Mario soñaba cada noche con que los juguetes que poblaban su habitación cobraban vida y jugaban entre ellos. Siempre se decía, antes de dormir, que se despertaría en mitad de la noche y descubriría a todos sus muñecos divirtiéndose, pero nunca lo conseguía. Él tenía la ilusión de que todos aquellos juguetes tuvieran una parte humana, así al menos no se sentía tan solo, sin hermanos ni amigos que quisieran pasarlo bien a su lado. Sin embargo, con el paso de los años, ese sueño se iba frustrando cada vez más, ya que su soledad persistía y no lograba despertarse de madrugada para hallar a unos amigos de verdad en la oscuridad de su cuarto. Sus compañeros de clase se burlaban de él y sus padres pensaban que era un niño con problemas, que precisaba ayuda urgente. Mario lloraba cada noche antes de dormir, pues sabía que sus juguetes eran sus únicos amigos, pero que carecían de humanidad, era como tener amigos imaginarios con los que apenas puedes interactuar. Sus ganas de jugar a fútbol se habían disipado con el paso de los años, no quería conocer gente nueva, sus resultados académicos cada día empeoraban, la comunicación en él brillaba por su ausencia y la tristeza estaba reflejada en su cara diariamente. Hasta que cierto día, todo cambió.
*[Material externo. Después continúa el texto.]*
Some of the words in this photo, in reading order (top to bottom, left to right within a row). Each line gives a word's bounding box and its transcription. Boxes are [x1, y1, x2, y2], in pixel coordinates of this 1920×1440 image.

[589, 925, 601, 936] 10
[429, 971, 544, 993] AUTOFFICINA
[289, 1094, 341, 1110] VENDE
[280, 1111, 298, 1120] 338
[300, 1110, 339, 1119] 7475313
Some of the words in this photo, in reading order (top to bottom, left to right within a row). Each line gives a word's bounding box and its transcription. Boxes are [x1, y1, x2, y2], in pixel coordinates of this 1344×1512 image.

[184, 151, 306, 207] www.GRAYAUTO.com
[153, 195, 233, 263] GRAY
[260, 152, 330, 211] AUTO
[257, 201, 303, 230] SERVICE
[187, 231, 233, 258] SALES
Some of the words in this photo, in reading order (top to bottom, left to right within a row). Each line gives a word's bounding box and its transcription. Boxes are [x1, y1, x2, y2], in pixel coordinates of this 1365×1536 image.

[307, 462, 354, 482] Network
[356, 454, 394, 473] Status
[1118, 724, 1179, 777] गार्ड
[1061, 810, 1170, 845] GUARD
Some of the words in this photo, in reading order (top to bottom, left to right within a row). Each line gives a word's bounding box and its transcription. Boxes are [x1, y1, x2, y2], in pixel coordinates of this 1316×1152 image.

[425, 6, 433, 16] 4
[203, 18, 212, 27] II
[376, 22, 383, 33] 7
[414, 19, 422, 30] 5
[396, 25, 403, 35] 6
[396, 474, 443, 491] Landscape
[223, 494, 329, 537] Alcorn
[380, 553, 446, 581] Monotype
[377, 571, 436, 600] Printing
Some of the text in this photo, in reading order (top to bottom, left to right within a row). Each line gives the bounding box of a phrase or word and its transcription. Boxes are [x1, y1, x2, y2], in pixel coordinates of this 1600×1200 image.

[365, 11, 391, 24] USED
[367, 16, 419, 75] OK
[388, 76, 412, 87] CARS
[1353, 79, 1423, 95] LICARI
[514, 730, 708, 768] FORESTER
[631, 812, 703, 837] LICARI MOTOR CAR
Cuando cumplió los diez años de edad, Mario recibió un enorme baúl como regalo de cumpleaños. Su padre lo había visto en una tienda de juegos y algo le impulsó a comprarlo, a pesar de que no le veía utilidad y a sabiendas de que su hijo no lo usaría para nada. Pero cuando lo vio a través del escaparate del local, no pudo resistirse a sacar la cartera y comprarlo, fuese cual fuese su precio. Era un baúl muy bonito, con piedras de diversas formas y colores talladas a su alrededor; su tapa arqueada brillaba, como si estuviera fabricada de oro macizo; a sus lados había inscripciones en un idioma extraño, que podía ser árabe; era un cofre que parecía contener un tesoro, y en cierto modo, así era. Cuando el padre le dijo a su mujer lo que había comprado de regalo, ella le dijo que eso no servía para nada, mas cuando pudo ver el baúl, su opinión cambió por completo. Lo contrario le ocurrió a Mario, que nada más desembarazarse del papel de regalo que envolvía su presente, dio de lado al resto de sus familiares y obsequios. Su mirada no se separaba del baúl, que resplandecía bajo la luz de la lámpara del salón. Su expresión era de completa felicidad, algo que sus padres no habían vislumbrado en su rostro durante mucho tiempo.
Acto seguido y sin mediar palabra, el chico cogió con fuerza el baúl y se dirigió con premura a su habitación. Cerró la puerta rápidamente, echó el cerrojo y dejó el cofre en el suelo, con sumo cuidado. Se tiró a su lado, ensimismado por sus colores y por algo que no alcanzaba a entender. Lo estuvo observando varias horas, mientras sus padres aporreaban la puerta para avisarle de la cena, pero Mario no podía apartar sus ojos de aquello, el mejor regalo de su vida. Había algo mágico en él, que no era capaz de explicar, que actuaba como un imán, impidiendo que Mario se separase de su lado. Su brillo aumentaba por momentos, así como la felicidad en la mirada del chaval. En cierto momento, abrió la puerta, esperando encontrarse en su interior, un mundo nuevo que le invitaba a entrar, pero sólo pudo ver un fondo plateado y limpio, reluciente, pero que no llevaba a ningún lugar extraordinario. Ligeramente entristecido, Mario se vio obligado a cerrar la parte de arriba e irse a la cama, pues era tarde y tenía sueño, tras una tarde entera al lado de aquel baúl extraño y fascinante. Cuando se introdujo en la cama, supo que aquel cofre tampoco ocultaba nada especial, como el resto de sus juguetes y muñecos. Todo volvía a ser como antes.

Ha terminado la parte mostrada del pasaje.